46
Oval Office
The White House
Washington, D.C.
0741 Local Time
“This is what caused the crash,” said Admiral Kent.
The JCS chairman had come in early to give the President a vital update. Mary Pat Foley and Arnie van Damm were also present, the latter wearing a grossly askew tie.
Kent clicked a remote, and on a portable monitor photos appeared of the hardware that had been retrieved by Task Force 99. A sequence of images showed the contraption with various panels removed, exposing racks of wiring and circuitry. The device was large, and Ryan tried to imagine how Clark and his team had removed it from the wrecked GAZ and hauled it aboard an aircraft. It had to be a good story, and the next time he saw Mr. Clark he would drag it out of him.
“The team from Wright-Patt have been working nonstop since they arrived,” Kent continued. He pointed out various components that had been identified by the engineers. Power supply, RFamplifiers, voltage-controlled oscillator, frequency synthesizer chips, antenna.
“How much of this hardware is sourced from Russia?” Ryan asked.
“Some but not all. The VCO and voltage regulators are definitely of Russian origin, but the synthesizer chips and control motherboard were manufactured in China. The generator is actually an American item licensed for production in Vietnam. As to where it was all slapped together, our technicians can only speculate. It does bear certain hallmarks of work done by KRET, one of Russia’s big state-run defense contractors. Of course, that’s only an engineering analysis. KRET would never stencil their name on something like this, especially if it was an experimental device, which appears to be the case.”
“So we can’t consider this hard evidence of Russian involvement,” Ryan surmised.
“No, sir, we cannot.”
Ryan was frustrated but not surprised. Muddied global supply chains had made the provenance of weaponry harder than ever to nail down. Bad actors knew it and took advantage at every turn. And it wasn’t only hardware. These days you had to interpret a world where North Korean troops rode Iranian scooters beneath Chinese drones to attack trenches in Ukraine. It was a quagmire of obfuscation, of autocratic collusion that seemed to accelerate by the day.
Mary Pat rescued the President from his gloomy reflections by saying, “I think the equally important question is, could this device have taken down our flight?”
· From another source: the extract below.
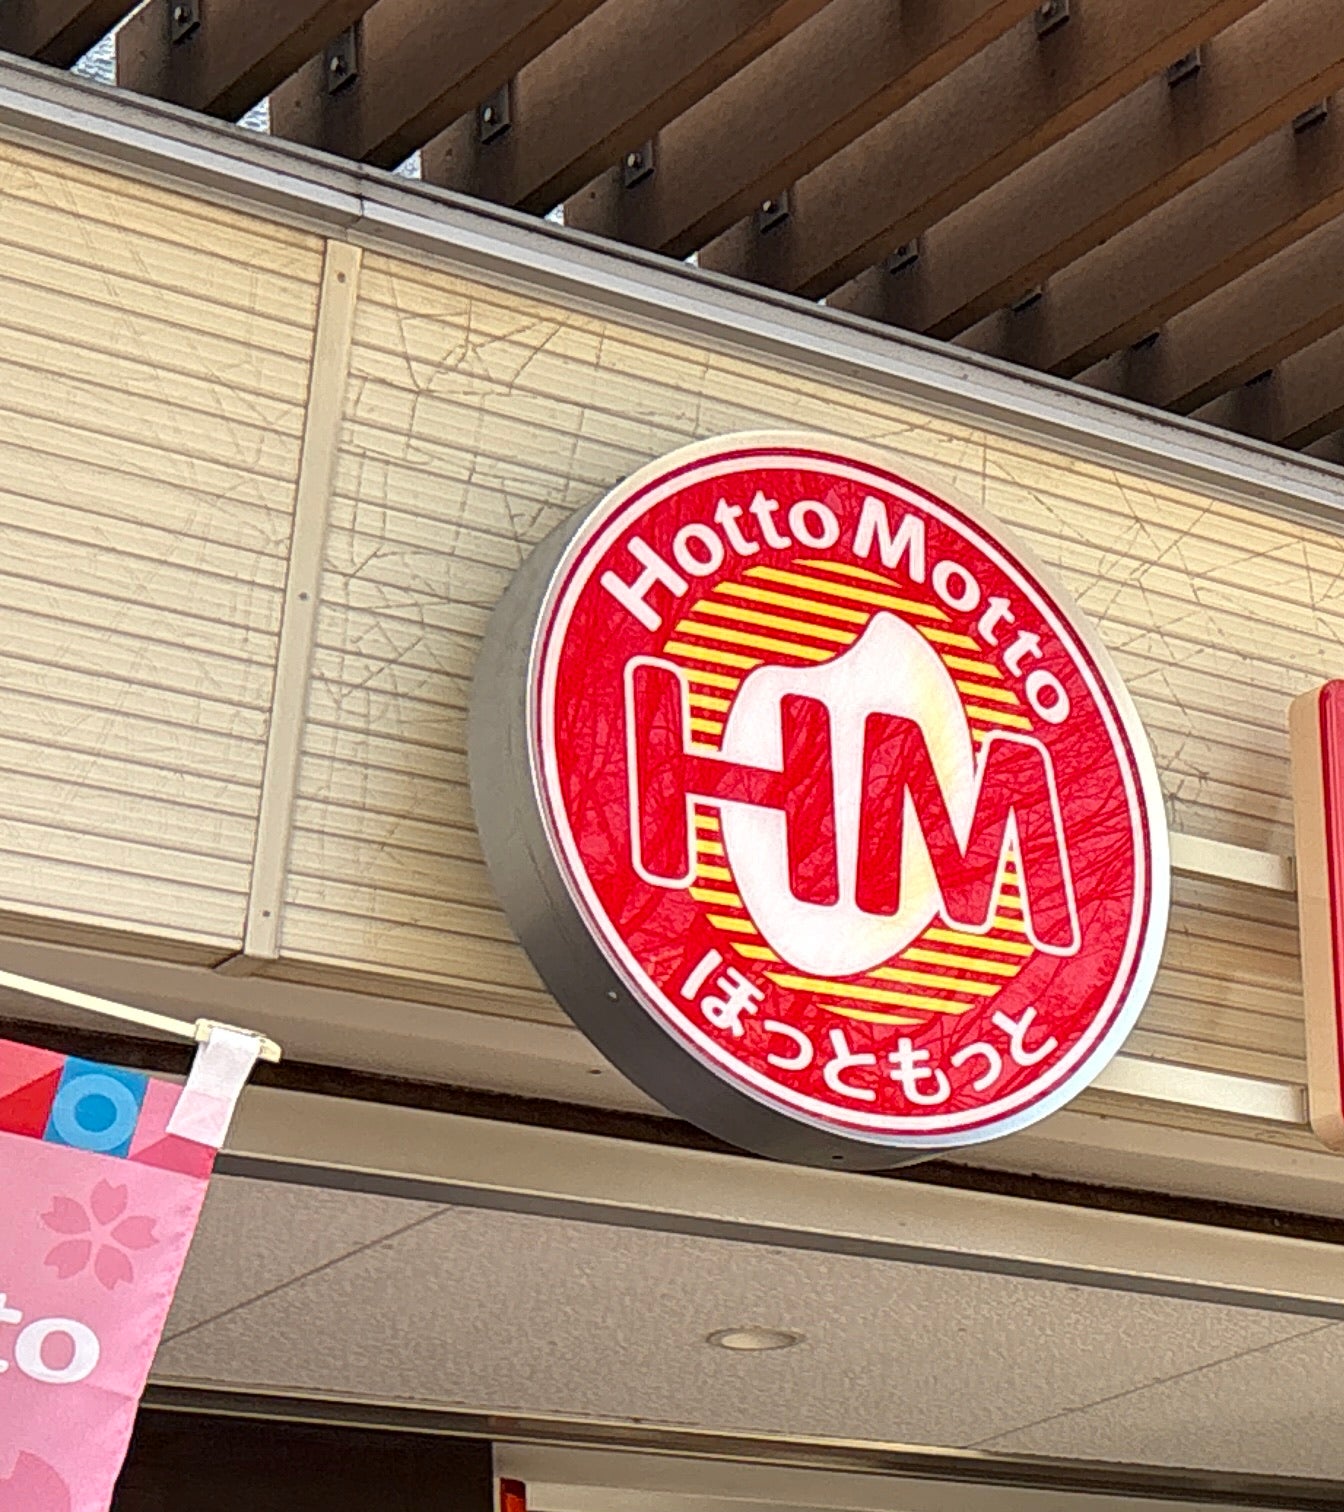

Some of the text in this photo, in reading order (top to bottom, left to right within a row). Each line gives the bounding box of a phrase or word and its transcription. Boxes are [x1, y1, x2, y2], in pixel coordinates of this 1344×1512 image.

[679, 948, 1058, 1106] ほっともっと
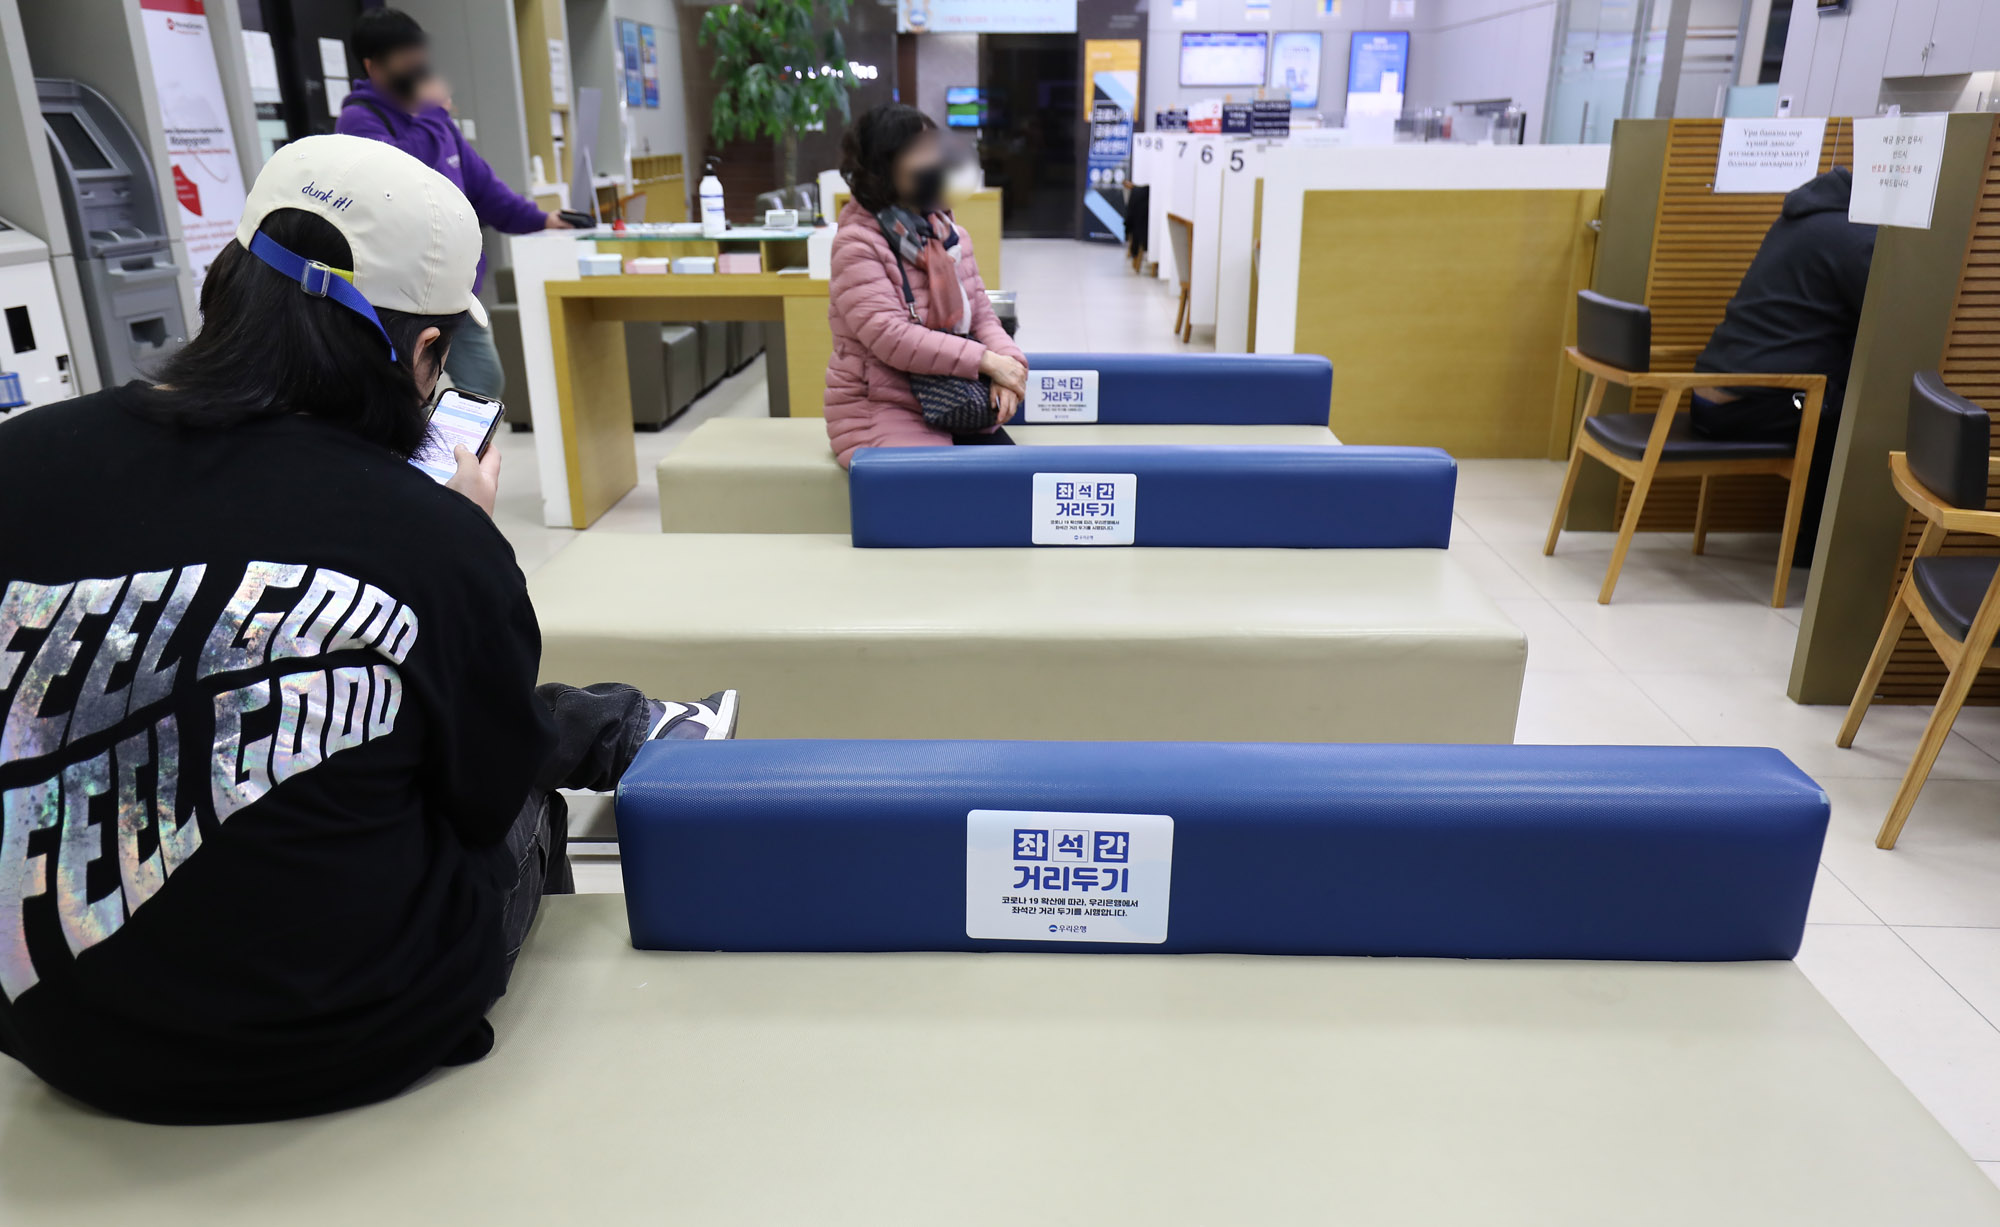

Kent replied without hesitation. “On that point, the engineers are in complete agreement. They’ve been in constant contactwith the on-site investigators, and between their analysis of this device and the readings from the aircraft’s black boxes, we are definitely talking about sabotage.” For emphasis the admiral tapped two fingers on the screen. “This GPS meaconing device brought down SAM 719.”
The room fell quiet for a long moment. By the end, all eyes were on the President.
“Okay,” Ryan said, “we’re convinced this device took the airplane down. But we can’t say for certain where it came from or who employed it.”
“Aside from the Russians,” asked van Damm, “what other suspects do we have?”
Mary Pat said, “The fact that Gunther Klaus was supposed to be on this jet…that’s got to be more than a coincidence. He claimed to have information that would be extremely damaging to the Russians. We also have links to Andrei Malenkov. He’s supposedly a free agent now, but his ties to the Russian regime run deep. And given his background, I don’t doubt that he could acquire a device like this.”
“It has to be one of those two,” Ryan agreed. “Malenkov was acting on his own, or as Yermilov’s agent.”
“There’s only one way to figure out which scenario applies,” said Mary Pat. “It goes back to what we’ve been saying for days. We need to find Gunther Klaus.”
The President nodded thoughtfully. “I agree.”
“There’s no guarantee we’ll find him first,” cautioned van Damm.
“True,” said Ryan. “But if the Russians beat us to that punch, there might be another way.”
“Which is?”
“I call Nikita Yermilov and demand an answer.”
“Accuse Russia of bringing down a jet carrying a cabinet member?” questioned Mary Pat. “Without hard evidence?”
“If that’s what it takes. Not long ago I saved his ass from being booted out of power—he owes me one.”
“You really think he would come clean about something like this?”